--- TASK INPUT Enclosed Below ---

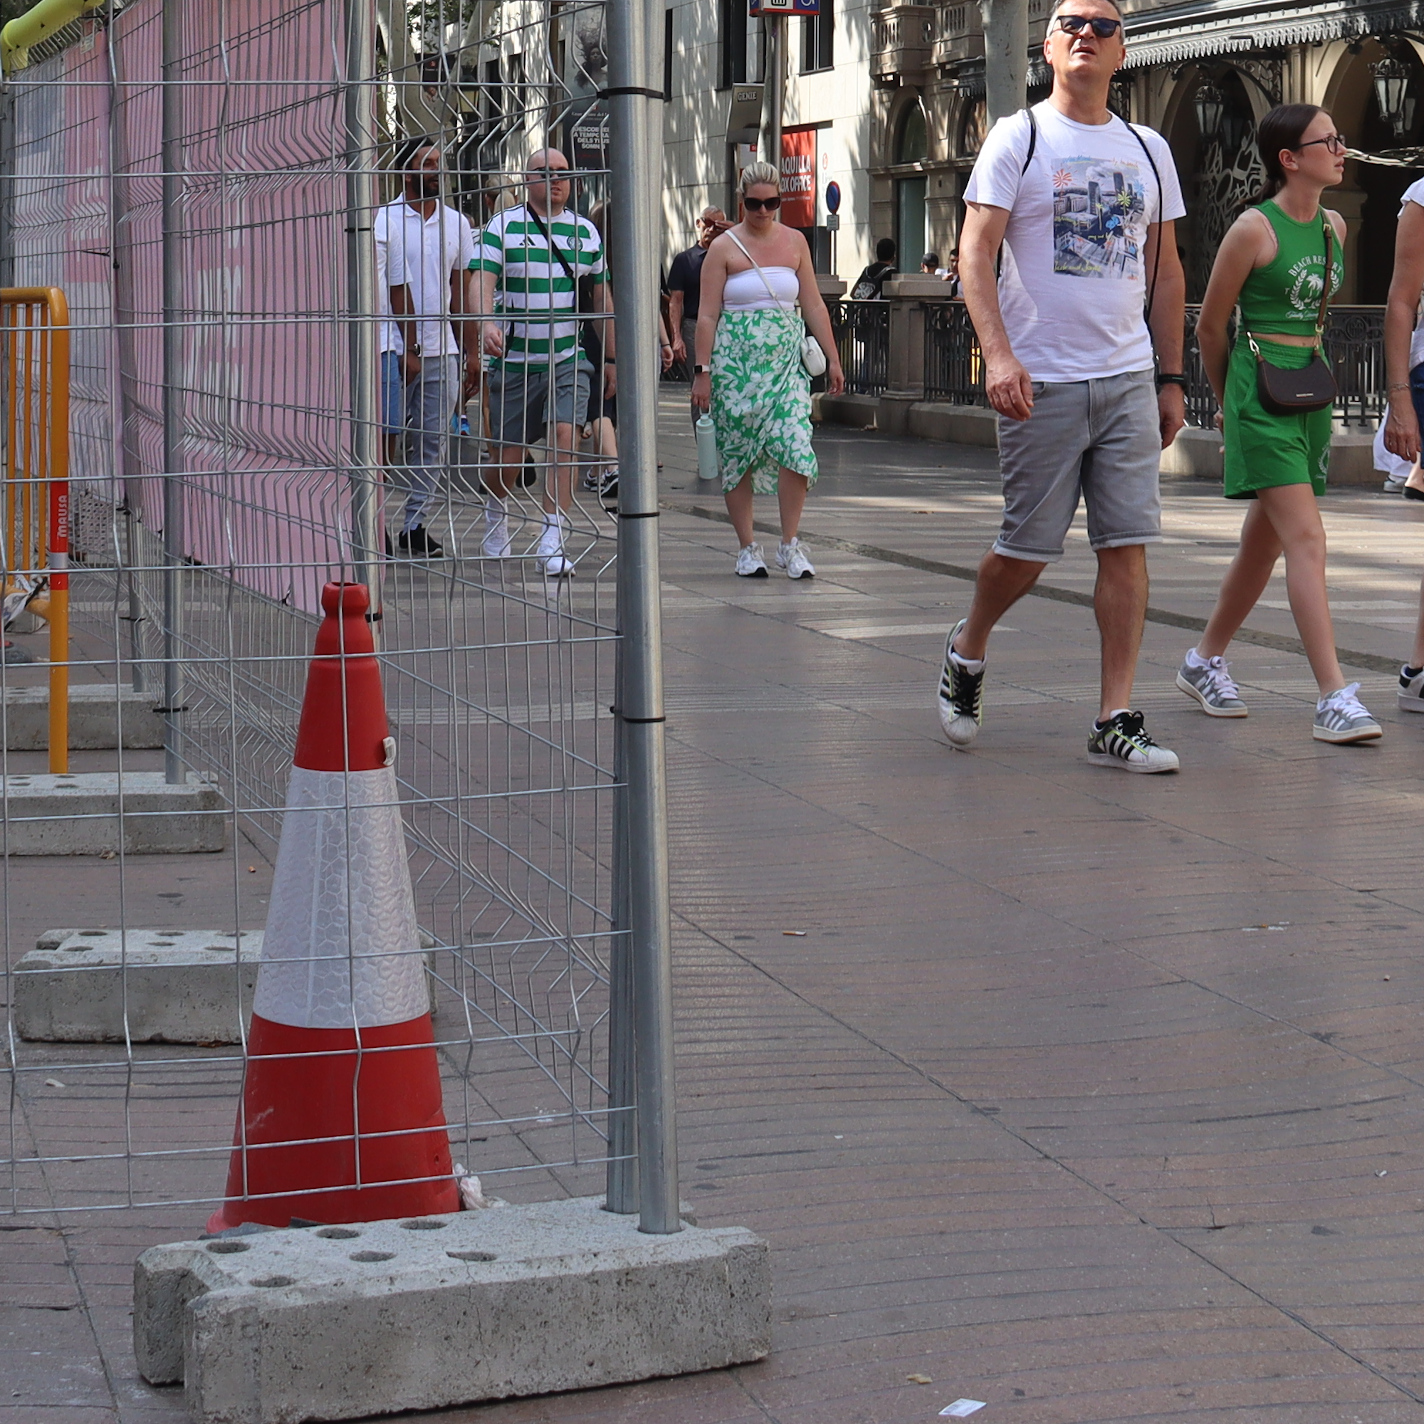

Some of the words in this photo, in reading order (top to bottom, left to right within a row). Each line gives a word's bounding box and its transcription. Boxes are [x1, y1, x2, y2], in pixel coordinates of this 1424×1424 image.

[737, 91, 757, 100] GENIE
[781, 154, 811, 174] AQUILLA
[1288, 255, 1312, 277] BEACH
[1312, 255, 1343, 274] RESRT

--- End of Enclosed TASK INPUT ---

ABOUT THIS EXERCISE: Apart from the pictures, set down all the entries above exactly.

TASK RESULT:
Some of the words in this photo, in reading order (top to bottom, left to right within a row). Each line gives a word's bounding box and its transcription. Boxes are [x1, y1, x2, y2], in pixel coordinates of this 1424×1424 image.

[737, 91, 757, 100] GENIE
[781, 154, 811, 174] AQUILLA
[1288, 255, 1312, 277] BEACH
[1312, 255, 1343, 274] RESRT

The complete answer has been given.